Data>
****************************************
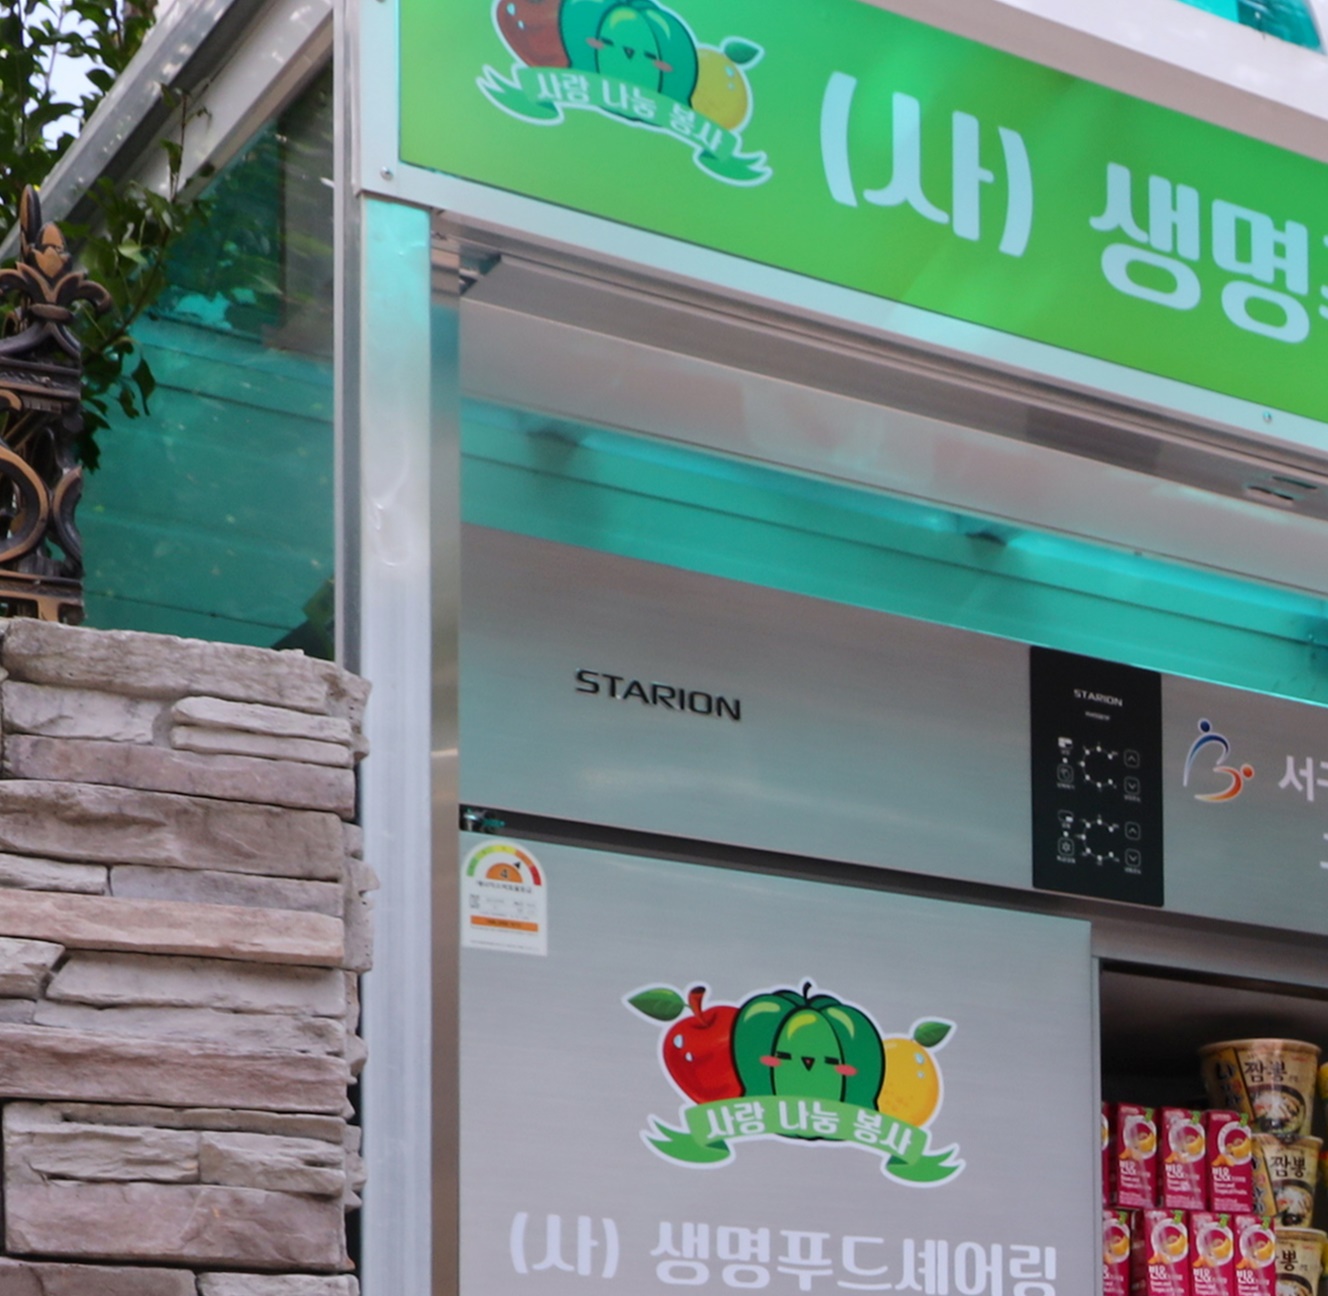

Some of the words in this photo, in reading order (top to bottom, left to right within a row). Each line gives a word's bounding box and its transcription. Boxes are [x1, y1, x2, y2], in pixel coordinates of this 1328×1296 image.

[537, 72, 590, 104] 사랑
[602, 79, 657, 119] 나눔
[669, 103, 723, 152] 봉사
[819, 70, 1034, 257] (사)
[574, 669, 742, 721] STARION
[1073, 688, 1123, 707] STARION
[707, 1102, 766, 1139] 사랑
[778, 1100, 840, 1135] 나눔
[853, 1110, 912, 1155] 봉사
[509, 1211, 621, 1279] (사)
****************************************
What is being asked>
Pictures in the records must not appear in the copy; transcribe everything else precisely.

Exercise response>
Some of the words in this photo, in reading order (top to bottom, left to right within a row). Each line gives a word's bounding box and its transcription. Boxes are [x1, y1, x2, y2], in pixel coordinates of this 1328×1296 image.

[537, 72, 590, 104] 사랑
[602, 79, 657, 119] 나눔
[669, 103, 723, 152] 봉사
[819, 70, 1034, 257] (사)
[574, 669, 742, 721] STARION
[1073, 688, 1123, 707] STARION
[707, 1102, 766, 1139] 사랑
[778, 1100, 840, 1135] 나눔
[853, 1110, 912, 1155] 봉사
[509, 1211, 621, 1279] (사)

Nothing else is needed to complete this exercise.